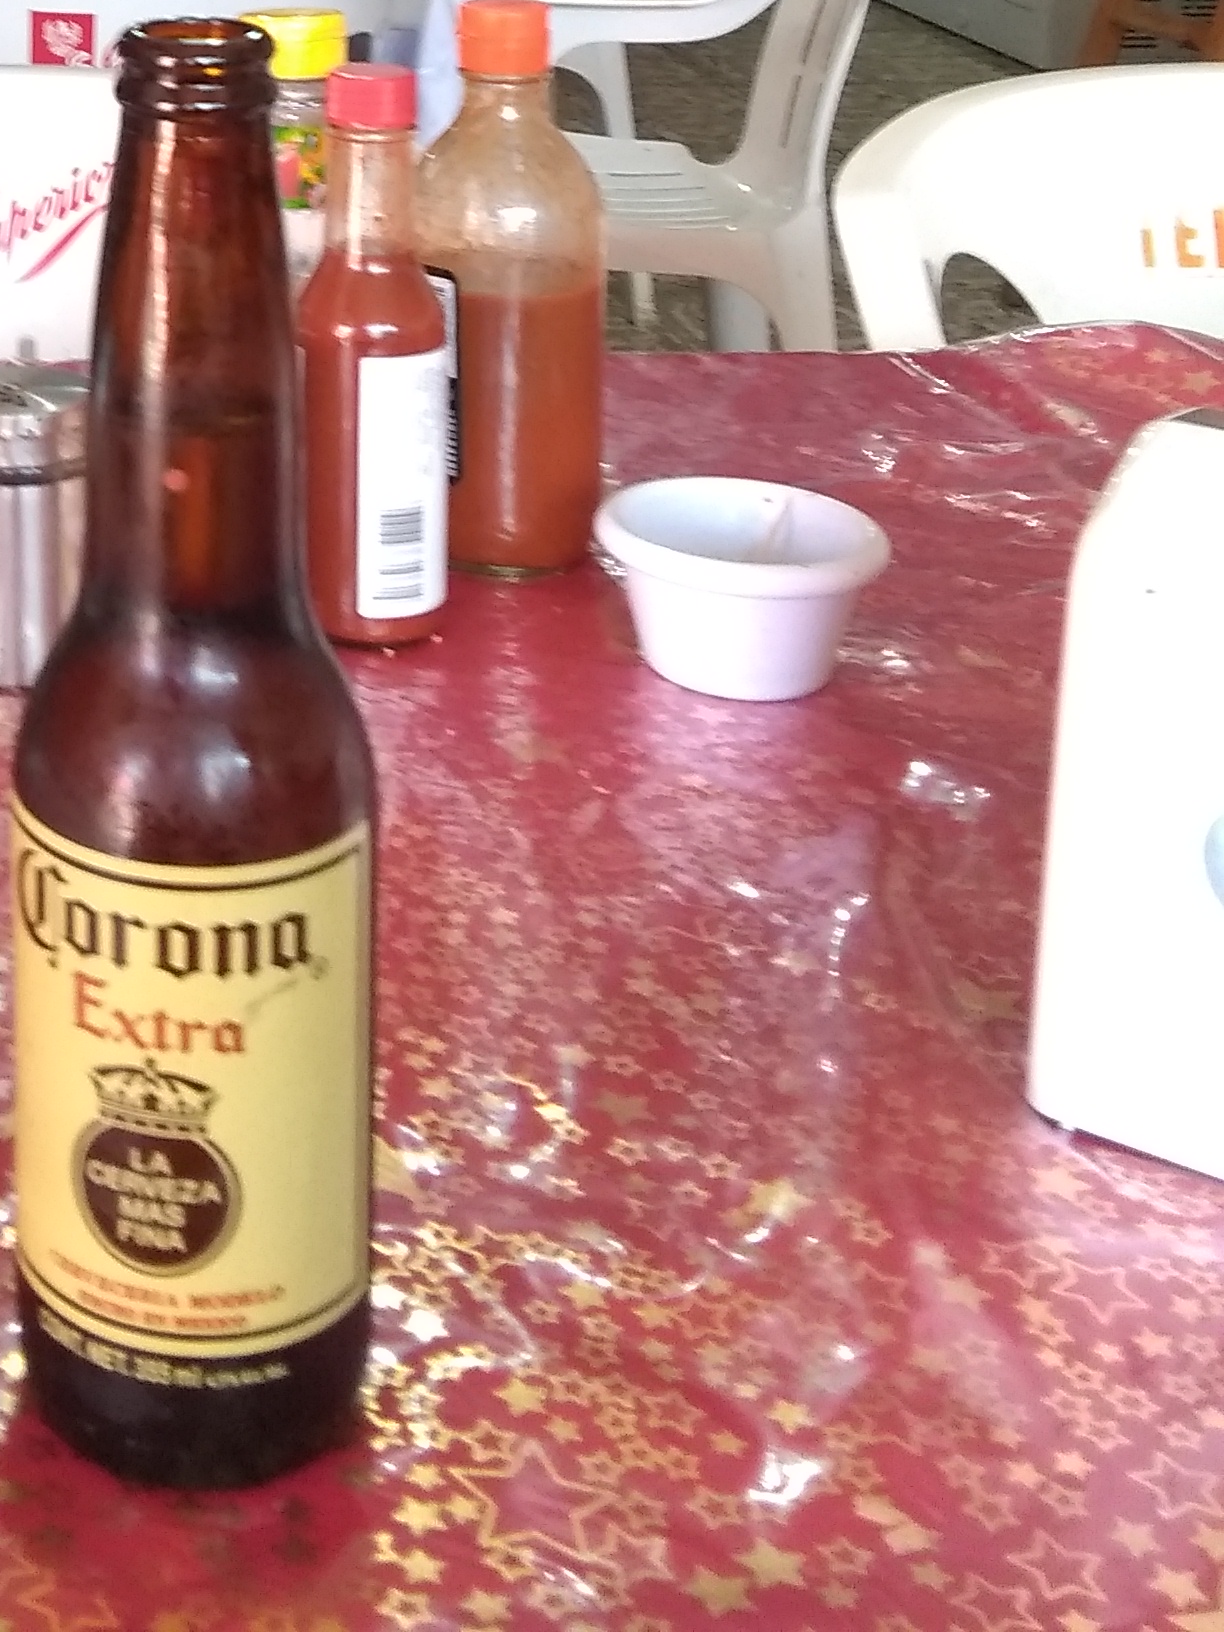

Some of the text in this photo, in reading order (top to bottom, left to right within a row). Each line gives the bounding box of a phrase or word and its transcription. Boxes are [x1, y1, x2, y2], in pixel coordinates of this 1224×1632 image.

[17, 848, 311, 979] Corona
[74, 970, 246, 1053] Extra
[128, 1146, 174, 1176] LA
[115, 1217, 189, 1253] FINA
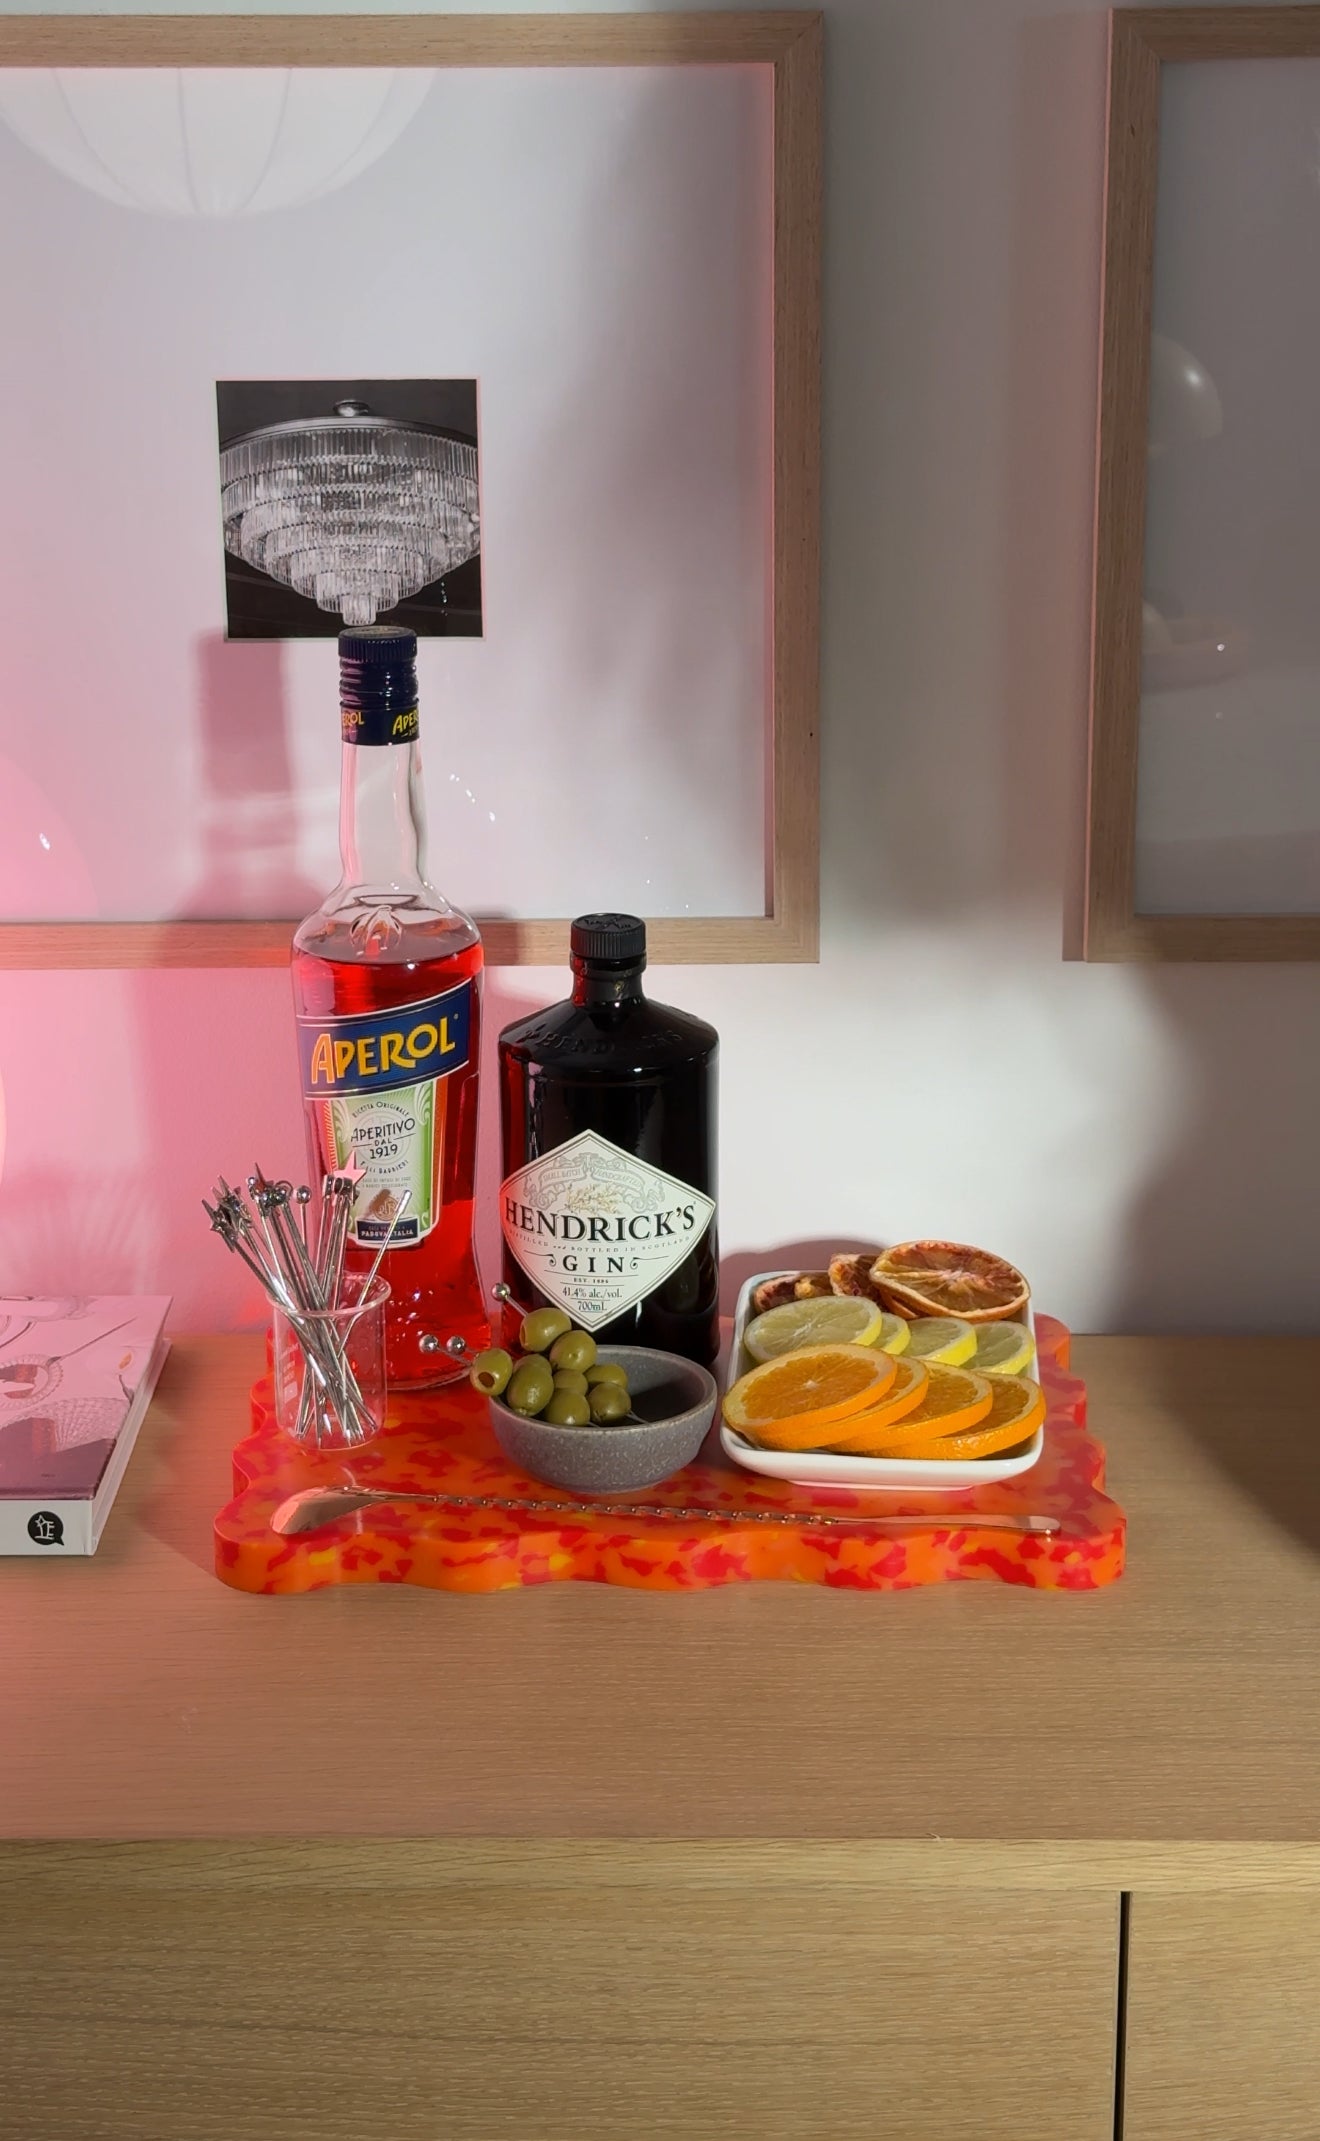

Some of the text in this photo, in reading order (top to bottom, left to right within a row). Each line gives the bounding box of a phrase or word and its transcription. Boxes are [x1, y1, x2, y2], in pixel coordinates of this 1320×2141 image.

[311, 1016, 456, 1085] APEROL
[350, 1118, 416, 1142] APERITIVO
[374, 1138, 392, 1147] DAL
[369, 1144, 398, 1160] 1919
[505, 1197, 695, 1242] HENDRICK'S
[571, 1245, 619, 1253] BOTTLED
[642, 1236, 690, 1251] SCOTLAND
[562, 1255, 624, 1273] GIN
[562, 1285, 623, 1299] 41.4% alc./vol.
[577, 1301, 607, 1311] 700mL
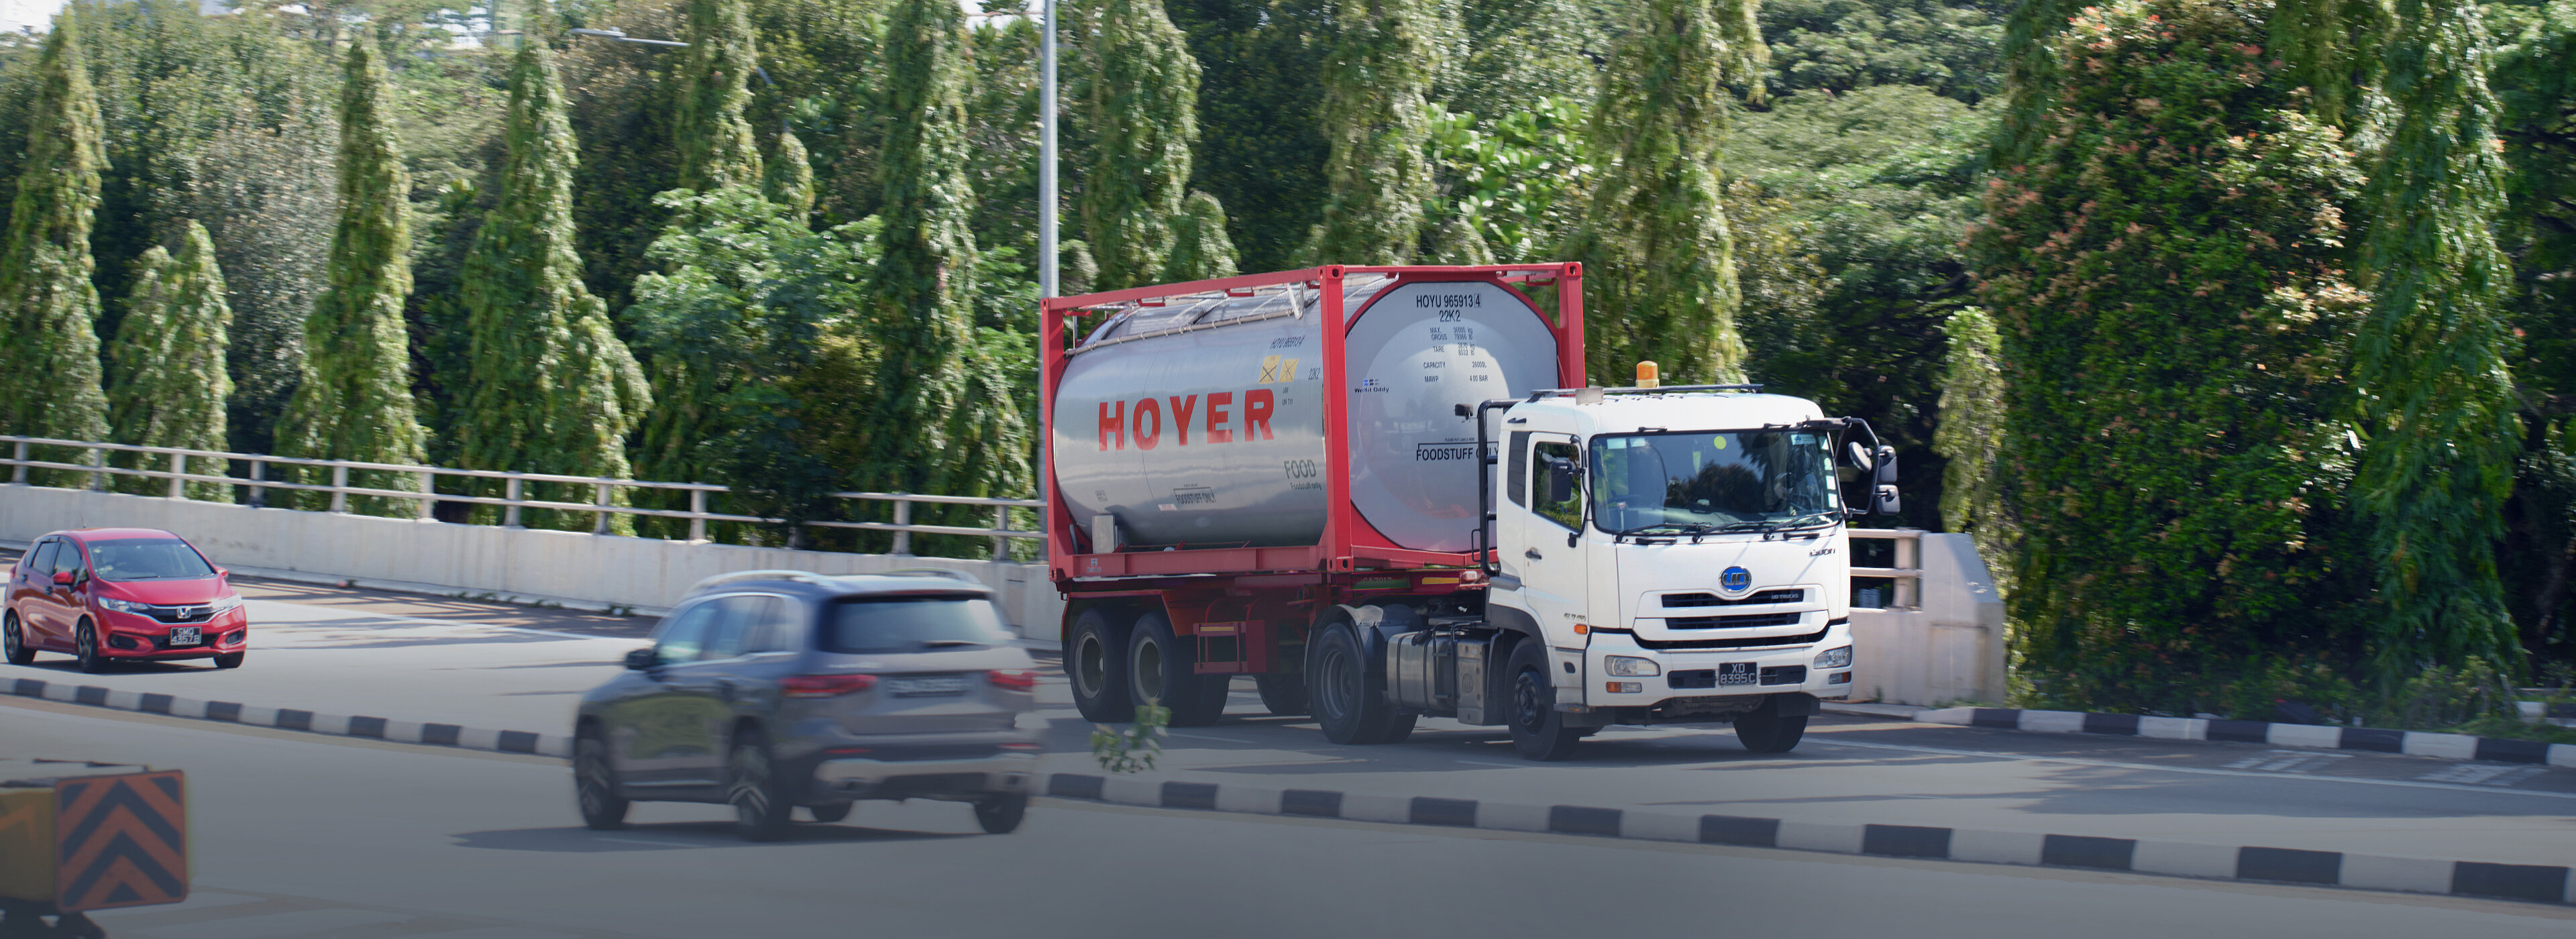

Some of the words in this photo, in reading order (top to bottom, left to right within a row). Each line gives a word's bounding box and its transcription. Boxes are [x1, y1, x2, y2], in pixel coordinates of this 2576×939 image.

[1416, 294, 1442, 308] HOYU
[1444, 294, 1473, 308] 965913
[1439, 309, 1461, 322] 22K2
[1467, 327, 1473, 335] kg
[1308, 368, 1321, 380] 22K2
[1098, 388, 1275, 451] HOYER
[1416, 447, 1473, 461] FOODSTUFF
[1284, 459, 1316, 479] FOOD
[1175, 493, 1201, 504] FOODSTUFF
[1201, 492, 1216, 504] ONLY
[1722, 572, 1750, 586] UD
[1731, 663, 1746, 673] XD
[1720, 673, 1756, 684] 8395C

- PROMPT -
Would you return all of the data above word for word, omitting every picture?

- RESULT FOR THIS EXERCISE -
Some of the text in this photo, in reading order (top to bottom, left to right within a row). Each line gives the bounding box of a phrase or word and its transcription. Boxes are [x1, y1, x2, y2], in pixel coordinates of this 1224×1632 image.

[17, 848, 311, 979] Corona
[74, 970, 246, 1053] Extra
[128, 1146, 174, 1176] LA
[115, 1217, 189, 1253] FINA

Some of the text in this photo, in reading order (top to bottom, left to right within a row). Each line gives the bounding box of a phrase or word and its transcription. Boxes are [x1, y1, x2, y2], in pixel coordinates of this 1320×2141 image.

[311, 1016, 456, 1085] APEROL
[350, 1118, 416, 1142] APERITIVO
[374, 1138, 392, 1147] DAL
[369, 1144, 398, 1160] 1919
[505, 1197, 695, 1242] HENDRICK'S
[571, 1245, 619, 1253] BOTTLED
[642, 1236, 690, 1251] SCOTLAND
[562, 1255, 624, 1273] GIN
[562, 1285, 623, 1299] 41.4% alc./vol.
[577, 1301, 607, 1311] 700mL

Some of the words in this photo, in reading order (top to bottom, left to right within a row). Each line gives a word's bounding box and its transcription. Boxes are [x1, y1, x2, y2], in pixel coordinates of this 2576×939 image.

[1416, 294, 1442, 308] HOYU
[1444, 294, 1473, 308] 965913
[1439, 309, 1461, 322] 22K2
[1467, 327, 1473, 335] kg
[1308, 368, 1321, 380] 22K2
[1098, 388, 1275, 451] HOYER
[1416, 447, 1473, 461] FOODSTUFF
[1284, 459, 1316, 479] FOOD
[1175, 493, 1201, 504] FOODSTUFF
[1201, 492, 1216, 504] ONLY
[1722, 572, 1750, 586] UD
[1731, 663, 1746, 673] XD
[1720, 673, 1756, 684] 8395C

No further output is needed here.